Nick Saban Suggests Lawsuits May 'Break College Football'

The NCAA is facing critical legal challenges that could force a complete reorganization of the business around college football -- and result in players getting paid.
Nov 25, 2023; Auburn, Alabama, USA; Alabama Crimson Tide head coach Nick Saban on the sideline during a college football game.
Nov 25, 2023; Auburn, Alabama, USA; Alabama Crimson Tide head coach Nick Saban on the sideline during a college football game. / John David Mercer-USA TODAY Sports

The next few days could go a long way in determining what the business of college football looks like in the future. Next week should find a deadline in some landmark court cases, including House vs. NCAA, the verdict of which insiders say could result in college football introducing a revenue-sharing plan with players for the first time in history.

Given the expectation that the NCAA would prefer to settle the three major lawsuits against itself, the terms of such a settlement would likely involve a promise to share money with athletes. Former Alabama head coach Nick Saban predicts that would forever change the sport.

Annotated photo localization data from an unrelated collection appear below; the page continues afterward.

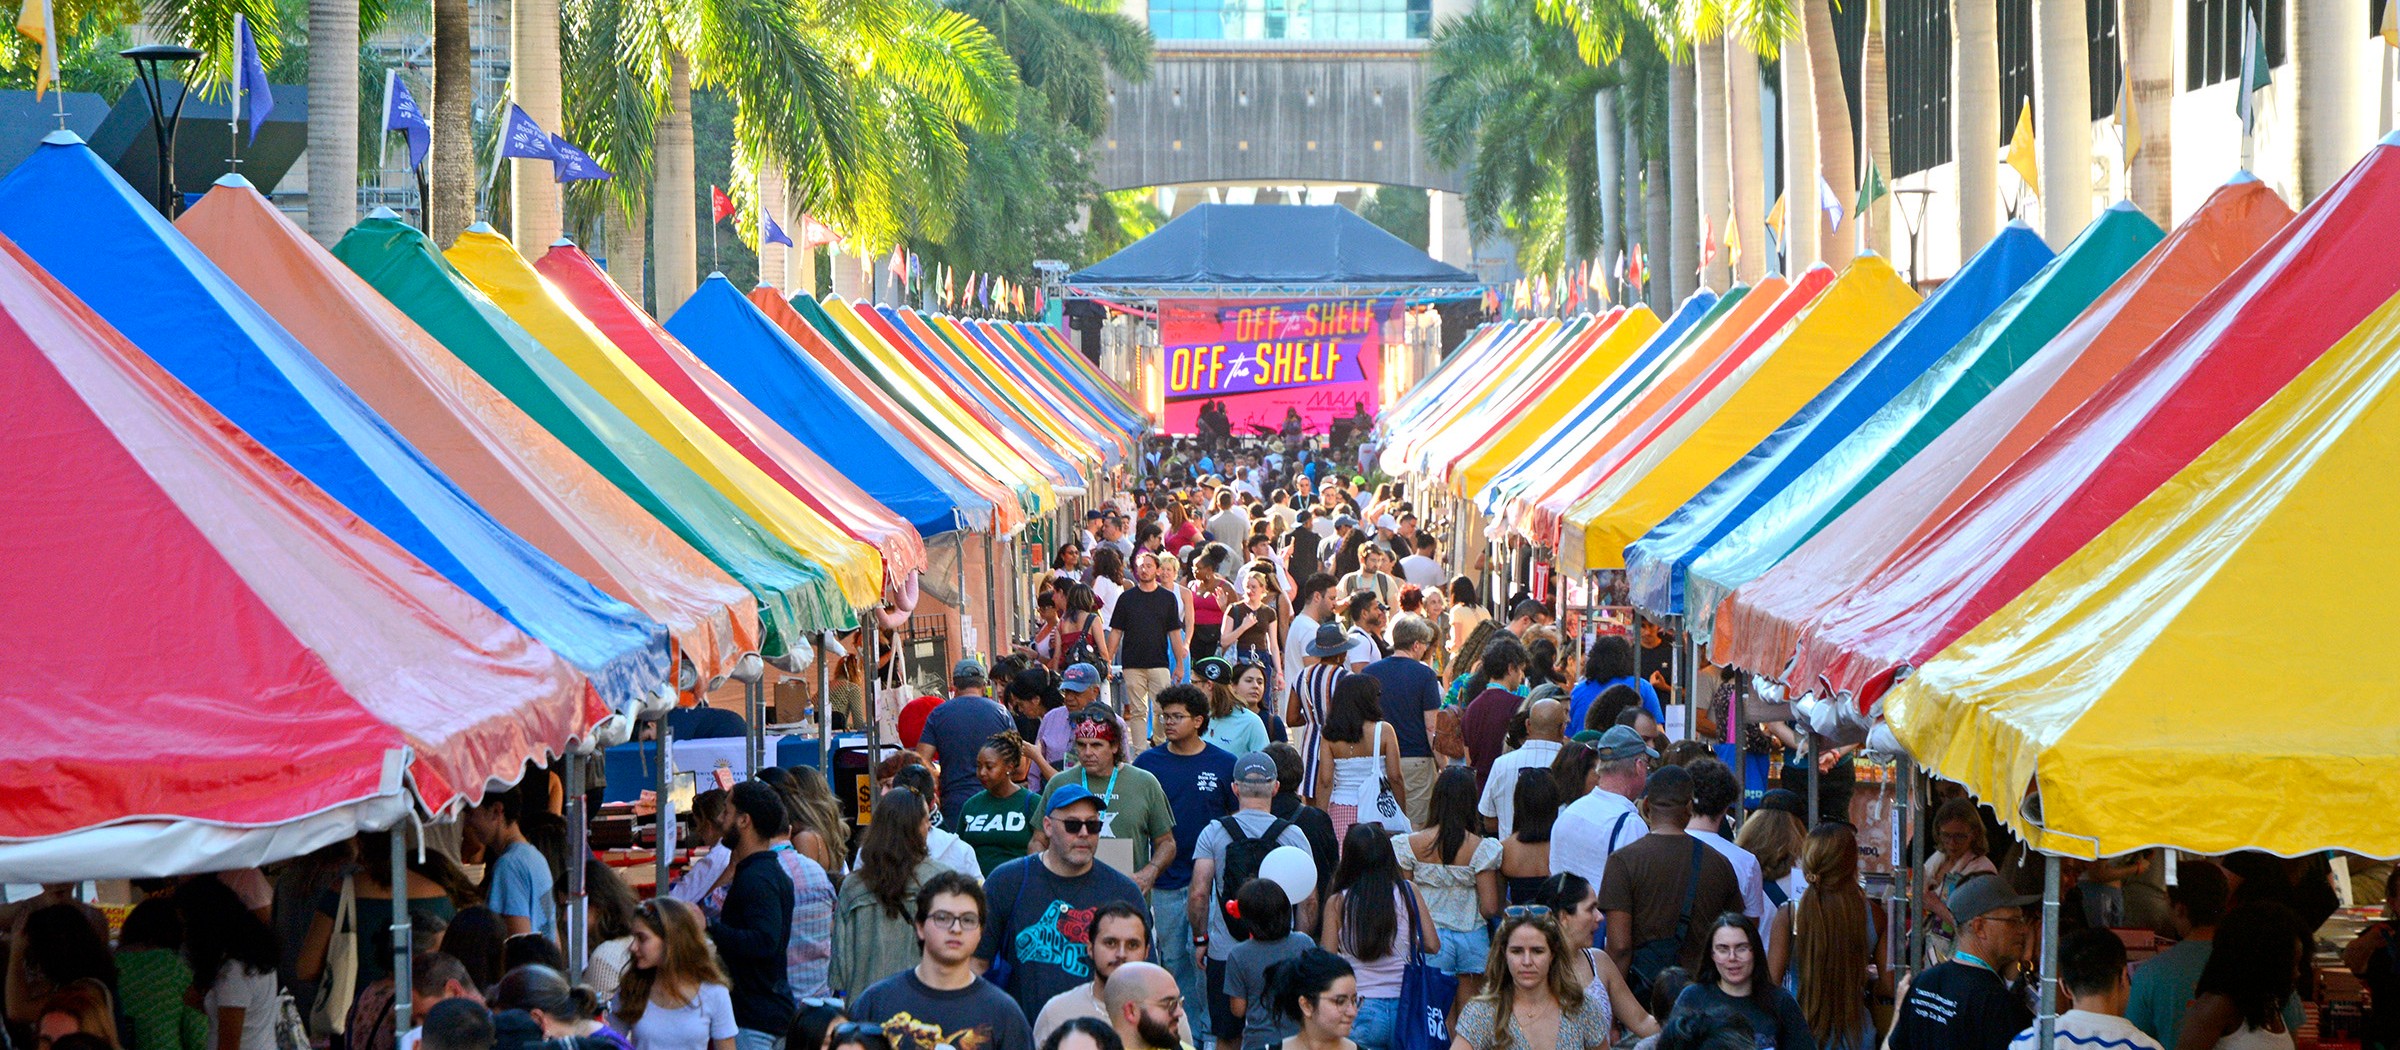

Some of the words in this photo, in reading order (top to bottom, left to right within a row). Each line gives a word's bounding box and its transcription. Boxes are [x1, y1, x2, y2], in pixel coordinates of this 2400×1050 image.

[516, 123, 534, 135] Book
[1236, 306, 1281, 342] OFF
[1304, 298, 1378, 337] SHELF
[1170, 345, 1228, 392] OFF
[1223, 352, 1257, 389] the
[1254, 340, 1342, 386] SHELF
[1306, 391, 1371, 407] MIAMI

"The No. 1 thing we need to do in college football, the first thing you've got to do is address all the lawsuits because the lawsuits may break the NCAA and they may break college football," Saban said at the Jimmy Rain Charity Golf Banquet in Birmingham.

"Aight, so that should be the first order of business," he added. "The second thing is to try to create a system that continues to allow all people who have had the opportunity to participate in college athletics. That's male and female, Title IX."

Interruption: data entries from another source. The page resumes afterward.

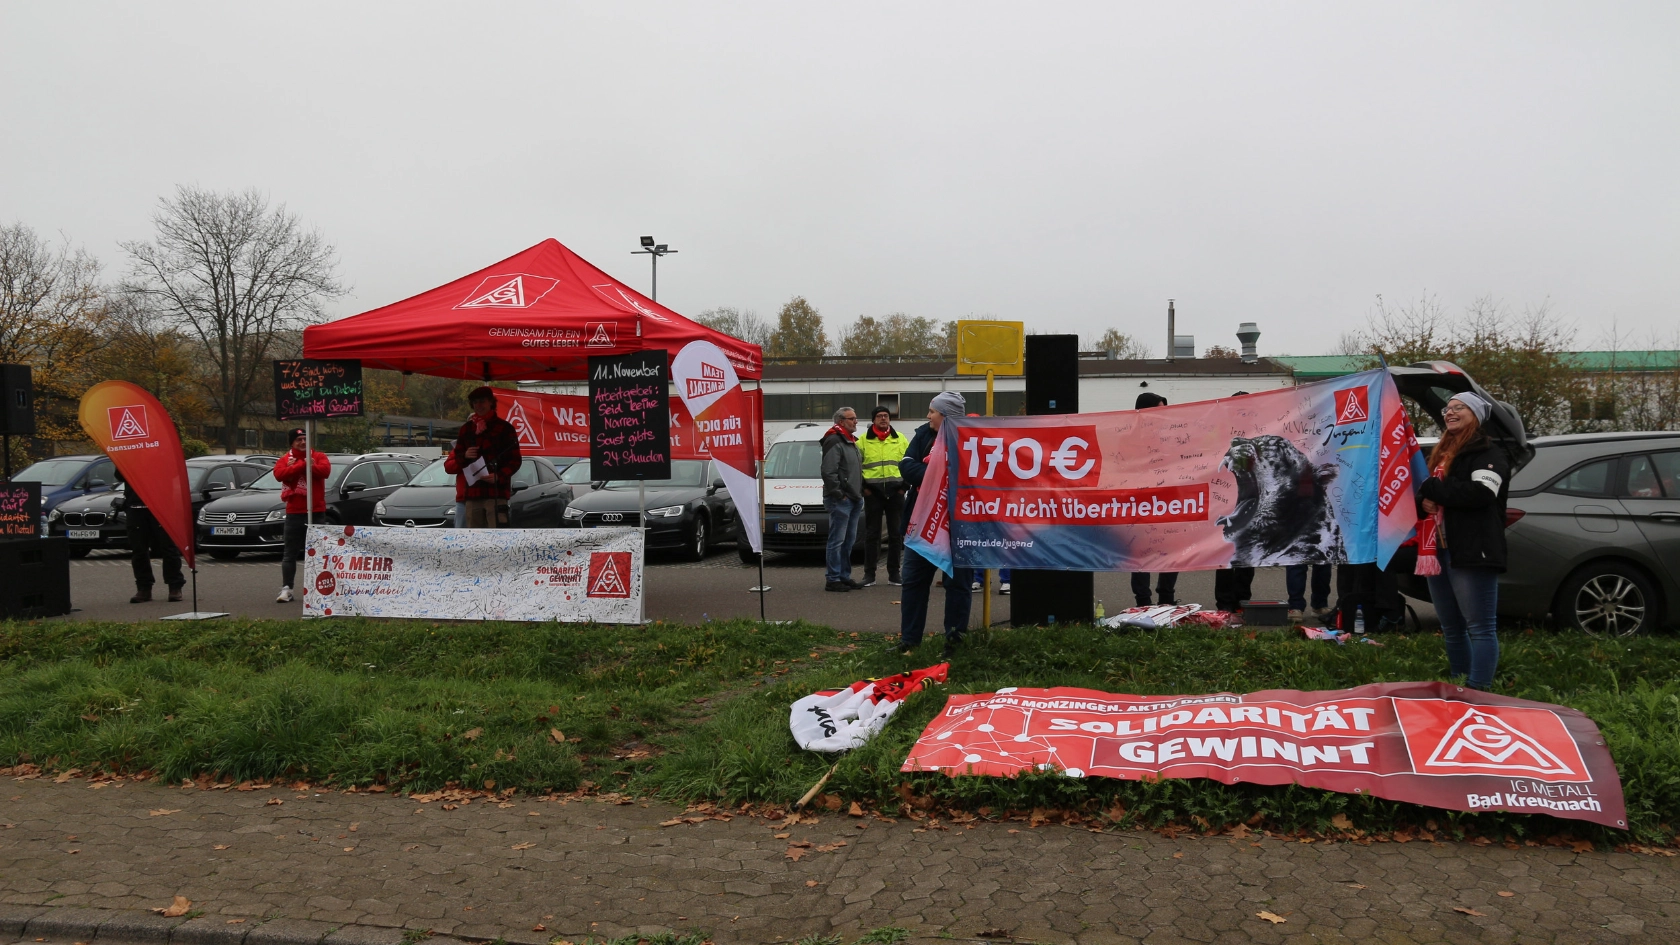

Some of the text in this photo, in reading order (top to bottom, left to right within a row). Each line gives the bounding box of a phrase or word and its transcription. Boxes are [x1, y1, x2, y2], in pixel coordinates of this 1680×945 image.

[488, 327, 581, 339] GEMEINSAM FÜR EIN
[521, 339, 579, 348] GUTES LEBEN
[593, 361, 660, 380] 11. November
[598, 402, 624, 416] Seid
[602, 450, 619, 467] 24
[962, 436, 1096, 480] 170 €
[1211, 478, 1232, 489] LEVIN
[961, 491, 1205, 519] sind nicht übertrieben!
[956, 537, 1034, 550] igmetall.de/jugend
[349, 556, 393, 571] MEHR
[336, 571, 356, 580] NÖTIG
[373, 572, 391, 581] FAIR!
[1021, 699, 1123, 713] MONZINGEN.
[1126, 701, 1178, 712] AKTIV
[1047, 704, 1375, 736] SOLIDARITÄT
[1118, 736, 1375, 766] GEWINNT
[1510, 779, 1598, 798] IG METALL
[1466, 792, 1602, 812] Bad Kreuznach

Saban has given his support to the idea of sharing money with college football players as an answer to the confusion created by the new NIL system, including in Washington, D.C., where he was invited by Sen. Ted Cruz (R-Texas) to speak at a roundtable on the subject.

Estimates on what the NCAA would have to pay out vary, but should it be on the losing end of these cases, most insiders guess it would be an amount in the billions.

But that would be a first step towards what appears to be a building consensus towards a complete reorganization of the sport, which could find college football players being considered employees for the first time ever.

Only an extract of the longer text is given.